Book Review: Currency Wars by James Rickards

Currency Wars illuminates global currency management by states and other large actors in the most easily understood way.  The first section was interesting if difficult to get through since it focuses on the authors self aggrandizing experience trying to inject aggressive monetary policy into the Pentagon's war game simulations.  Parts 2 and 3 however are easily accessible and fascinating.  I immediately wanted to re-read them and plan on doing so soon.


Tuesday, July 29, 2014

Book Reivew: A Guide to the Good Life; The Art of Stoic Joy

Review: A Guide to the Good Life; The Art of Stoic Joy
Author:  William B. Irvine
Published Date: 2009

  A great primer to Stoicism with lots of practical exercises.  Good explanations of things like 'negative visualization'.
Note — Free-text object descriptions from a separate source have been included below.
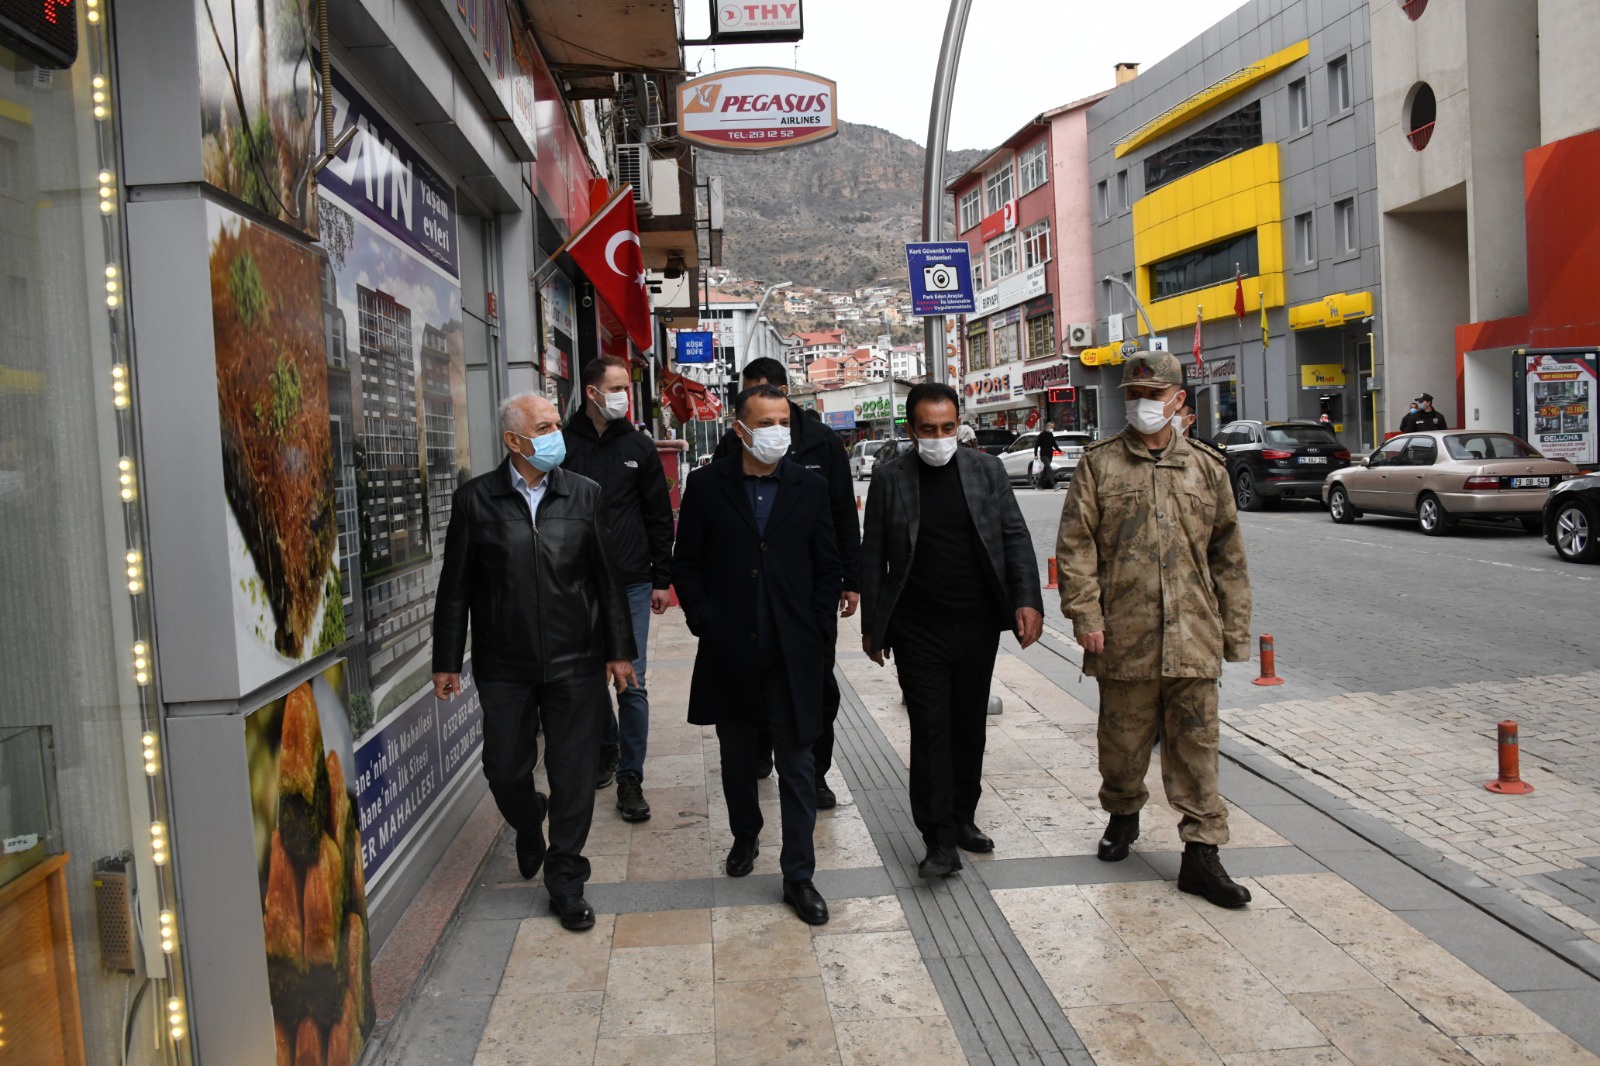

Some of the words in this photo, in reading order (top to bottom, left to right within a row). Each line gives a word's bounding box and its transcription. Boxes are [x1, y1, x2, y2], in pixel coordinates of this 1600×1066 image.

[743, 4, 797, 20] THY
[720, 92, 828, 114] PEGASUS
[780, 116, 821, 125] AIRLINES
[420, 179, 449, 222] yaşam
[423, 214, 450, 252] evleri
[685, 340, 704, 348] KÖŞK
[974, 372, 1010, 396] YÖRE
[862, 397, 890, 412] DOĞA
[1543, 434, 1579, 442] BELLONA
[1514, 478, 1522, 486] 29
[1537, 478, 1548, 486] 544
[387, 738, 399, 767] İlk
[400, 708, 433, 755] Mahallesi
[443, 723, 448, 741] 0
[447, 713, 458, 737] 532
[397, 765, 409, 792] İlk
[409, 743, 429, 780] Sitesi
[445, 754, 450, 773] 0
[450, 742, 460, 768] 532
[378, 765, 435, 850] MAHALLESİ
Book Review: The Better Angels of Our Nature

Review:  The Better Angels of Our Nature
Author: Steven Pinker
Published Date: 2011

  'Better Angels' serves both as a wonderful survey of historical violence perpetrated by both individuals and states, as well as a mountain of evidence for the FACT that the world is getting less and less violent every year.  Pinker, being a professional academic and educator, takes a very even-handed and dispassionate view on the very political topic of violence.  Don't let any local news broadcast ever convince you that the world is getting worse because we have been on an almost unbroken trend of decreasing violence for centuries.
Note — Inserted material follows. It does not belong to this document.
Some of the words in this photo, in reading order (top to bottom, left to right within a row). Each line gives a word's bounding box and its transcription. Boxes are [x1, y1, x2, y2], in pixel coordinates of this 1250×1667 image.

A Note: Nothing is Precious

     I have allowed a wide gulf to grow between the reviews cataloged here and the actual books I've read.  None of my reviews are particularly brilliant so why should I ever delay publishing one under the pretense of improving it.

     I'm lowering the bar for myself and focusing on just keeping up from now on!

Wednesday, December 18, 2013

Book Review: Rise of the Warrior Cop

Rise of the Warrior Cop: The Militarization of America's Police Forces
Radley Balko
Jul 9, 2013
400 pages

  I've been a fan of Radley Balko's reporting for at least half a decade.  He has a way of reporting serious or tragic events with humor and intelligence that makes them both palatable and understandable.  He is the journalist responsible for compiling the incidents of wrong Botched Police Raids mapped out at the Cato Institute.
  This book seems to be about half new content and half a compendium of his best articles. I enjoyed it although there wasn't too much I didn't already know.

Monday, October 14, 2013

Book Review: Manias, Panics and Crashes: A History of Financial Crises

Review: Manias, Panics and Crashes: A History of Financial Crises
Author: Charles P. Kindleberger & Robert Z. Aliber
Published Date: 2011

  Kindleberger's book was full of fascinating historical anecdotes but unfortunately seemed to get muddled by it's non-chronological style.  Early on the book introduces Hyman Minsky's three part taxonomy of finance (Hedge, Speculative, & Ponzi) and continues through history using these classifications to explain various well known economic events.
  They style of the book was exemplary as a dispassionate and informative review of a highly politicized topic. I couldn't pin down the authors personal opinions yet he still discussed "fringe" areas of economics, like Austrian economics, with the same deference as more mainstream schools. 
  All in all, this book is probably meant to be more of a reference book or academic study book rather than to be read straight through by laymen.

Friday, July 13, 2012

Book Review: Debunking Economics

Review: Debunking Economics - Revised and Expanded Edition: The Naked Emperor Dethroned?
Author: Steve Keen
Published Date: October 25, 2011

  As I mentioned in my review of The Myth of the Rational Market, I've never studied economics formally, so this book was simultaneously an introduction to, and debunking of  modern economics all in one shot.  Steve Keen sets out to explain the field to both economists and laymen without the use of equations, and he's successful in that to a moderate degree.  Sometimes when reading a two page description of an economic model, I did find myself wishing he'd just include the relevant equation so the mathematically inclined reader could digest the information a little faster.
  This was a terrific follow up to The Myth of the Rational Market since it tells a more in depth (and agenda-backed) story of a few of the big names introduced in Justin Fox's book.  It also takes on most of the economics concepts with which the average non-economist is familiar. For example showing how the inverse relationship between supply and demand is far from a "law", demonstrating the faulty logical leaps from single-variable to multi-variable modeling (also referred to as aggregate supply and demand). 
  This book is full of challenging ideas and I'll probably have to read it and review it several more times throughout my life before I'm able to really summarize the ideas contained competently.